Dado um determinado estado de conhecimento tecnológico, sempre existem inúmeras maneiras de se empreender um projeto econômico qualquer, digamos uma siderúrgica, mas somente se a escassez relativa dos fatores de produção for expressa em preços monetários será possível escolher dentre as soluções técnicas possíveis aquela que é mais econômica, ou seja, a que representa os menores custos em relação ao preço futuro do produto final, e só assim será possível avaliar ex ante se o projeto sequer é economicamente viável no momento.

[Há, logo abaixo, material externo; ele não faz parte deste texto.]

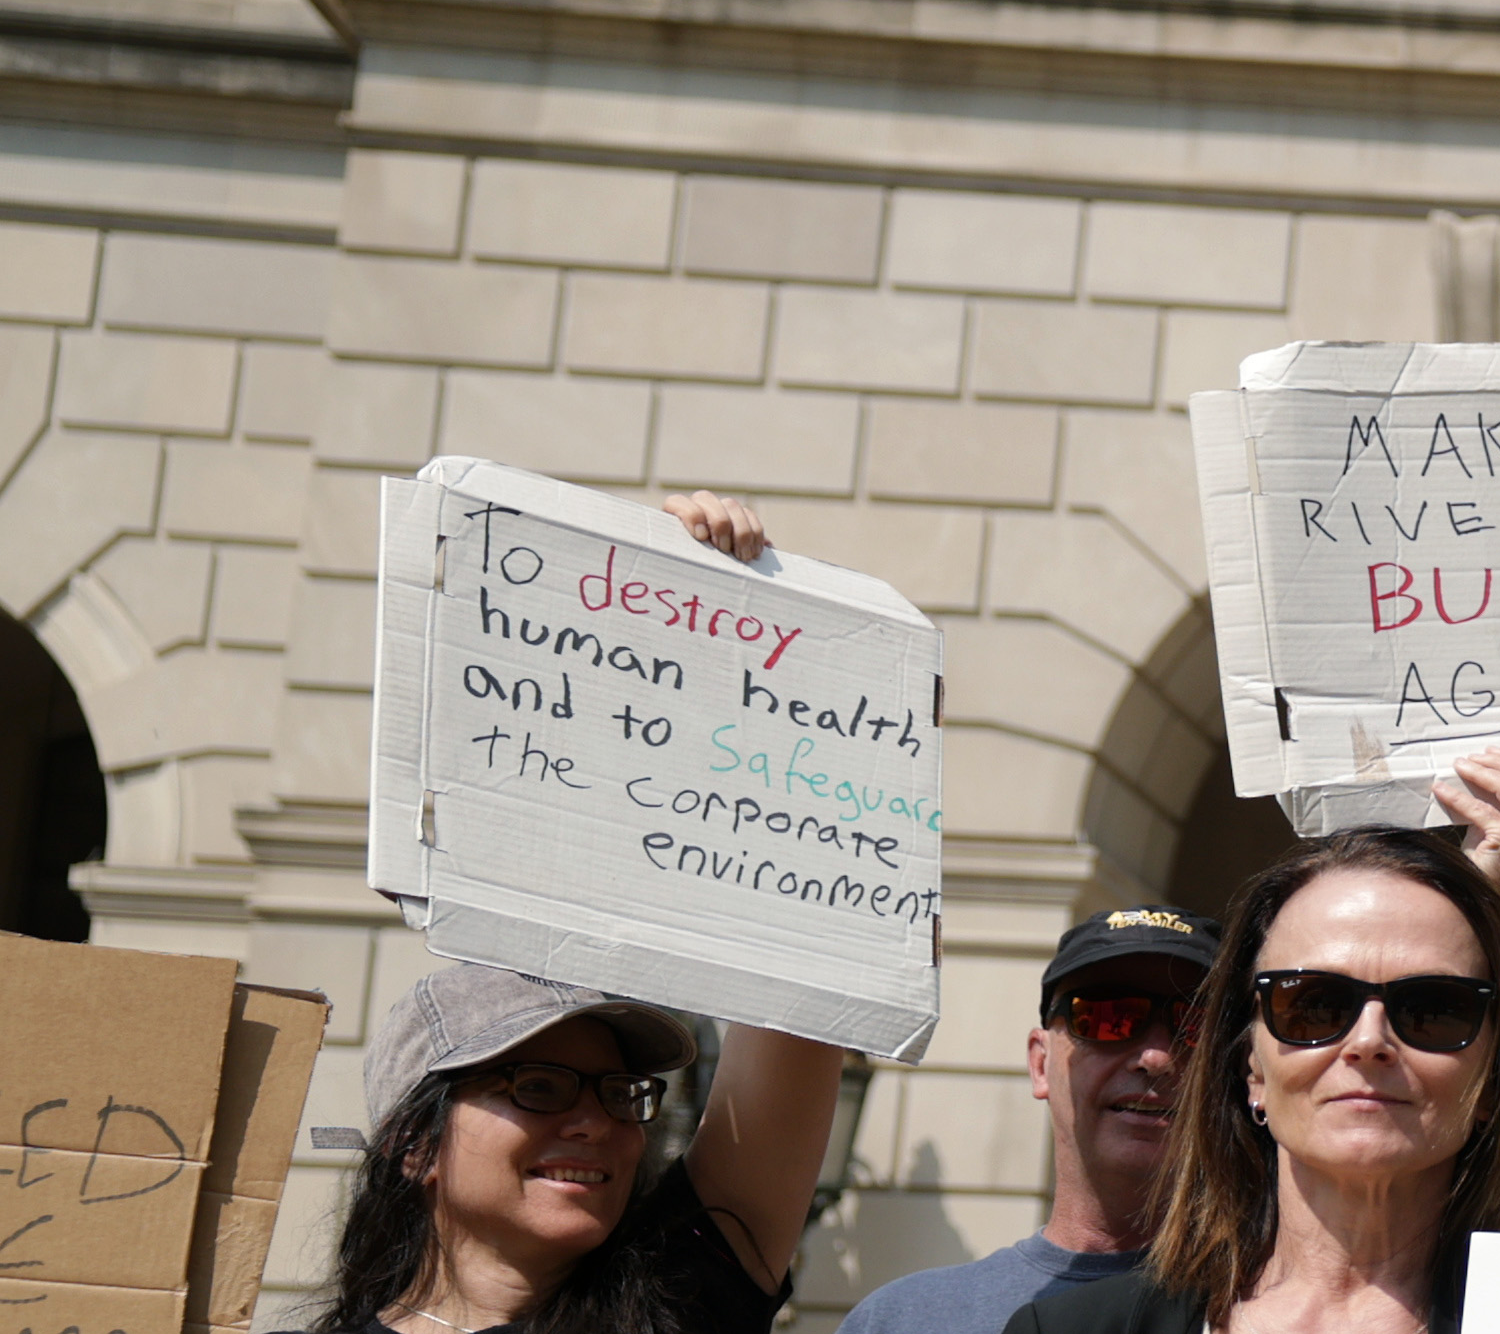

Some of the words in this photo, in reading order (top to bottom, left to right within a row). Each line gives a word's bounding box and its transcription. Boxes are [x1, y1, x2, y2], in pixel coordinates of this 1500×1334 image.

Como nada disso é a priori possível em uma sociedade socialista, todos os empreendimentos tocados pelo estado não passam de um gigantesco desperdício de recursos que mais cedo ou mais tarde leva ao colapso econômico. A experiência comunista comprovou tudo isso, muito embora não tenha nunca existido uma sociedade socialista realmente pura. A URSS podia usar o sistema de preços do mundo capitalista como referência e copiar seus métodos de produção, e um florescente e gigantesco mercado negro supria até certo ponto as monumentais falhas do planejamento estatal. Mesmo assim, a economia soviética sempre foi um caos. Funcionou por algum tempo graças ao uso sistemático do terror como "incentivo". Mas o terror não pode durar para sempre. Quando arrefeceu, foi-se o incentivo e a economia comunista anquilosou rapidamente e morreu.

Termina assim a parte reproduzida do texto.